• Instructions to follow: Repeat every entry word for word. Images do not belong in the copy.

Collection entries
━━━━━━━━━━━━━━━━━━━━

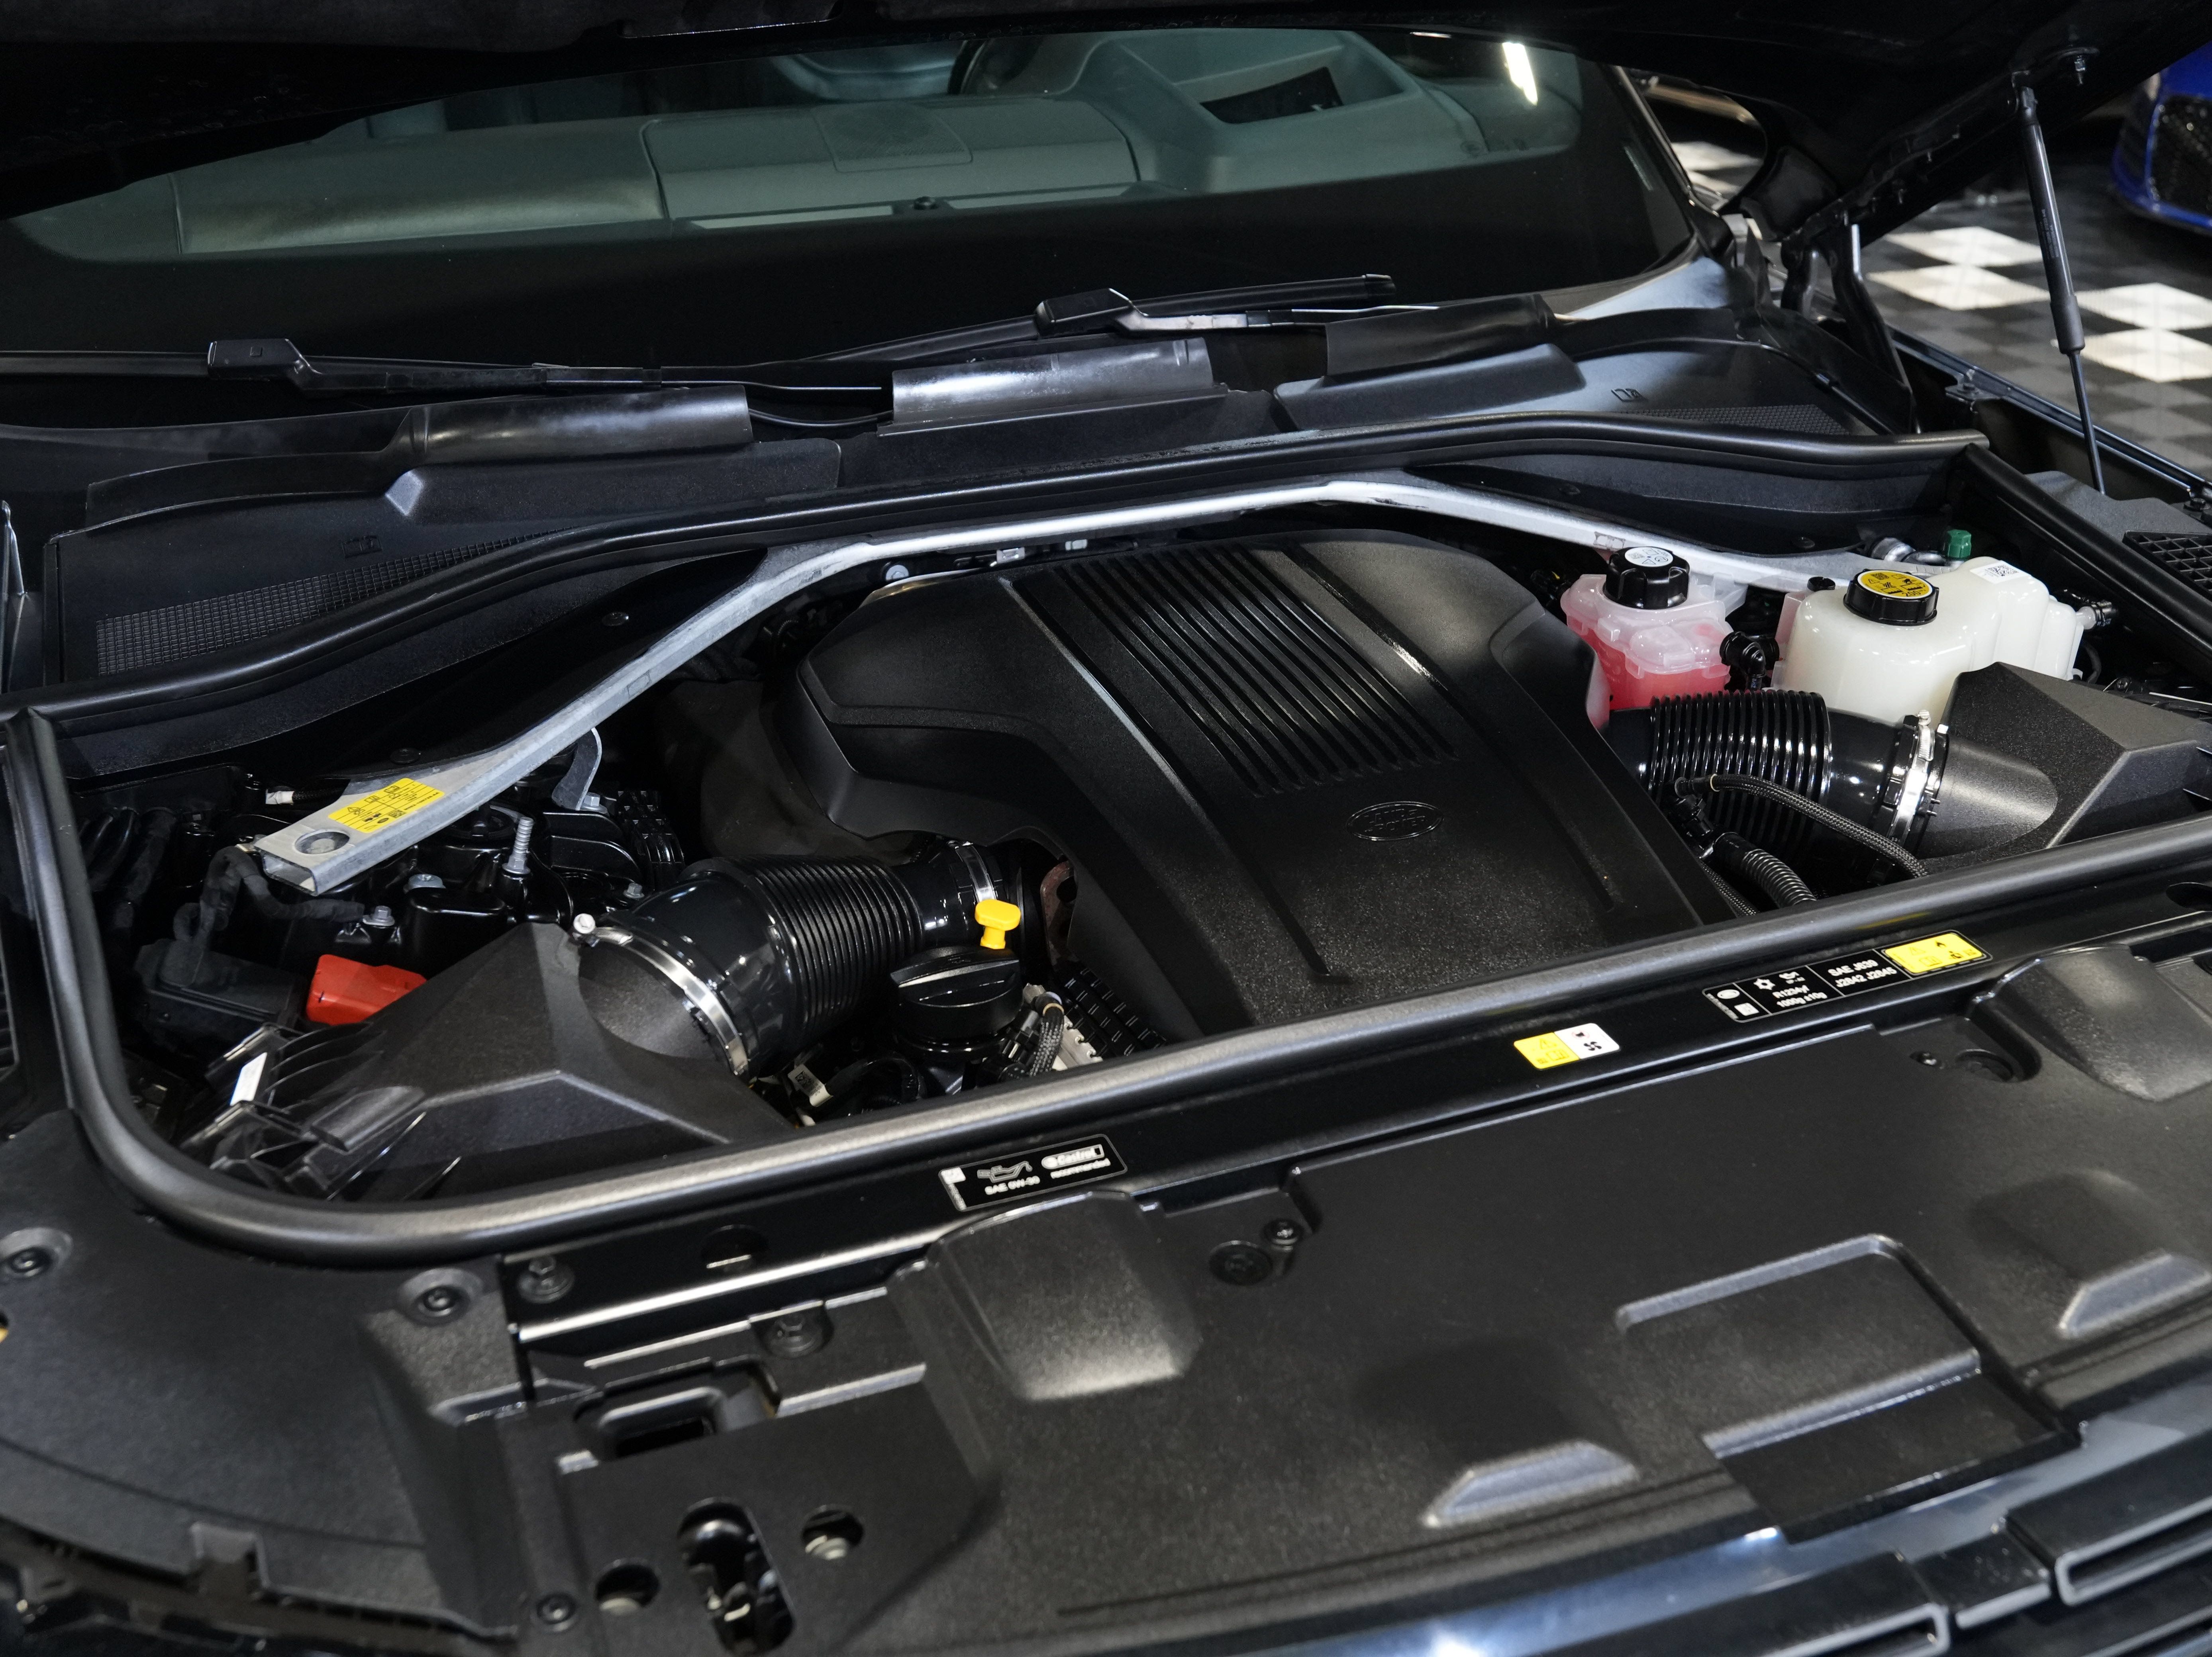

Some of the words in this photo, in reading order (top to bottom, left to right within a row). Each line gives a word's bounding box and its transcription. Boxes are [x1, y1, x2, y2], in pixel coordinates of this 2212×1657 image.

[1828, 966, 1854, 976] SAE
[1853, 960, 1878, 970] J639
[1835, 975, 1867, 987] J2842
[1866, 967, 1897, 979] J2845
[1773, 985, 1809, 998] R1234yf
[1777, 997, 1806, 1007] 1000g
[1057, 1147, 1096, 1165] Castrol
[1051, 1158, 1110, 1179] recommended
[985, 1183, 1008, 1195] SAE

━━━━━━━━━━━━━━━━━━━━

• Answer section:
Some of the words in this photo, in reading order (top to bottom, left to right within a row). Each line gives a word's bounding box and its transcription. Boxes are [x1, y1, x2, y2], in pixel coordinates of this 2212×1657 image.

[1828, 966, 1854, 976] SAE
[1853, 960, 1878, 970] J639
[1835, 975, 1867, 987] J2842
[1866, 967, 1897, 979] J2845
[1773, 985, 1809, 998] R1234yf
[1777, 997, 1806, 1007] 1000g
[1057, 1147, 1096, 1165] Castrol
[1051, 1158, 1110, 1179] recommended
[985, 1183, 1008, 1195] SAE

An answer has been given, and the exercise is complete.